Olav Langeland olav.langeland at active24.com
Wed Nov 17 07:18:09 EST 2004


> -----Original Message-----
> From: Christopher Martinsen [mailto:cmartinsen at viatraining.com] 
> Sent: 17. november 2004 00:47
> To: cisco-nsp
> Subject: [c-nsp] BGP Architecture Question
> 
> I am going to be setting up BGP for my company.
> 
> I have secured two T1 circuits, each from different ISP's.
> I have secured an AS number for my organization.
> I have secured a full class C address space.
> 
> The question that I have is about architecture.
> 
> I will have each T1 going into a seperate router. I have
> one Cisco 2621 and one Cisco 2621XM.
> 
> I believe that with BGP the incoming traffic will be somewhat
> load balanced as well as connectivity for my organization will
> be redundant should one of the circuit go down.
> 
> I want to know the best way to architect the LAN side of the 
> connection. I will have:
> 
> 	T1		T1
> 	\		/
> 	 \	       /
> 	 Router	     Router
> 	    \	     /
> 	      Switch 	
> 		|
> 	    PIX Firewall
> 	    
> If I put a switch between the firewall and routers. How can I set the 
> outbound traffic to be load balanced?
> 
> I'm not sure what options are available to me. I'm hoping 
> that someone can provide me with some options and insights 
> on the best way to architect this.
> 
> Thanks,
> 
> Chris

Here are some links from cisco.com about BGP, second one is a
configuration example for multihoming (which is what you want):
http://www.cisco.com/pcgi-bin/Support/PSP/psp_view.pl?p=Internetworking:
BGP
http://www.cisco.com/warp/public/459/27.html

Internal setup can be done with HSRP on the LAN interfaces on your
routers, and iBGP between your routers. This will mean that some traffic
goes twice in your network since it can go Firewall -> HSRP IP to
Router1 -> iBGP decides it should go out via second router -> Router2 ->
Internet. But it will give you redundancy, if Router1 goes down the HSRP
is taken over by Router2 and traffic will continue to flow. 

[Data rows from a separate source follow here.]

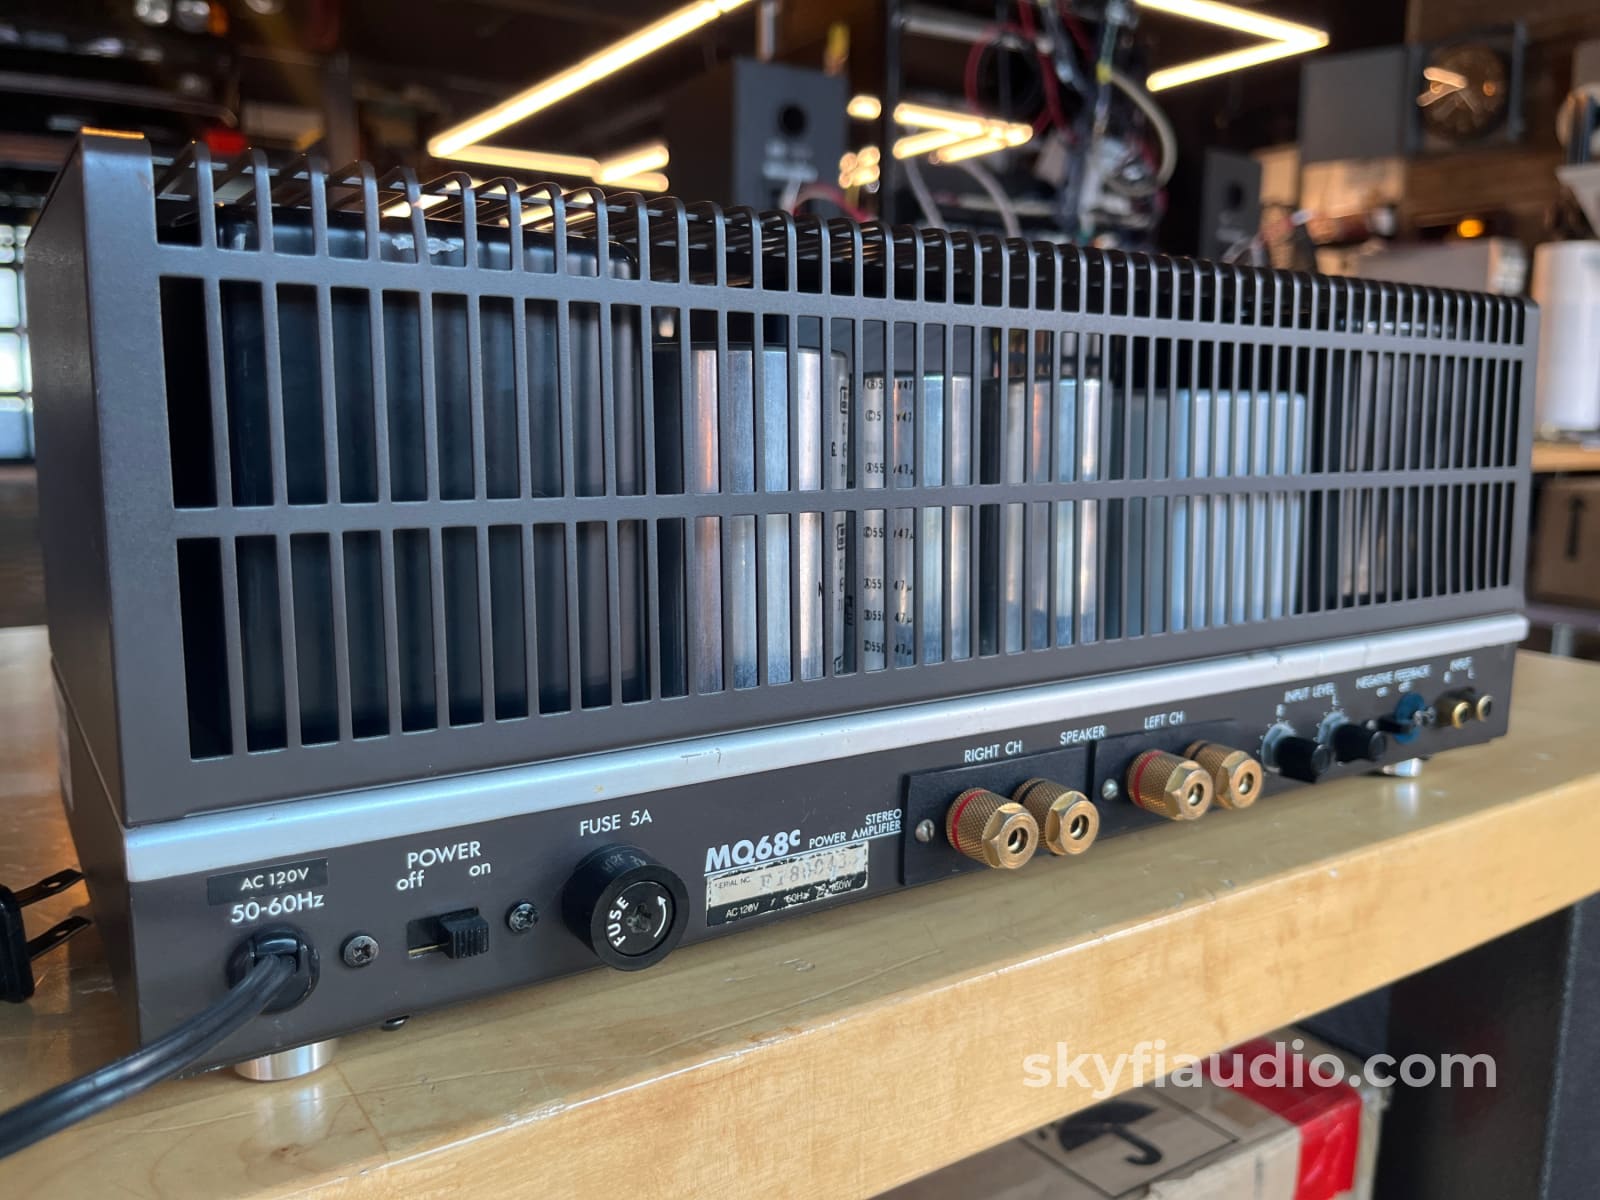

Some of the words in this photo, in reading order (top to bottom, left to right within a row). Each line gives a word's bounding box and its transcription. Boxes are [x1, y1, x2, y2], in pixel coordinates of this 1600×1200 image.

[1284, 686, 1311, 703] INPUT
[1312, 681, 1336, 698] LEVEL
[1144, 714, 1165, 730] LEFT
[1168, 711, 1184, 726] CH
[1060, 725, 1105, 745] SPEAKER
[964, 744, 1000, 763] RIGHT
[1004, 740, 1023, 755] CH
[579, 814, 621, 836] FUSE
[629, 808, 653, 827] 5A
[865, 808, 902, 825] STEREO
[809, 831, 846, 849] POWER
[852, 820, 901, 840] AMPLIFIER
[407, 840, 481, 869] POWER
[240, 875, 265, 891] AC
[269, 867, 309, 886] 120V
[396, 869, 425, 891] off
[469, 863, 491, 877] on
[231, 891, 325, 923] 50-60Hz
[608, 896, 630, 947] FUSE

If this is acceptable depends on your network and how much traffic you
have, but it's a decent design solution. For doing more with load
sharing on outbound traffic there are several ways of achieving this
including localpref
(http://www.cisco.com/en/US/tech/tk365/tk80/technologies_configuration_e
xample09186a00800945bf.shtml#conf5).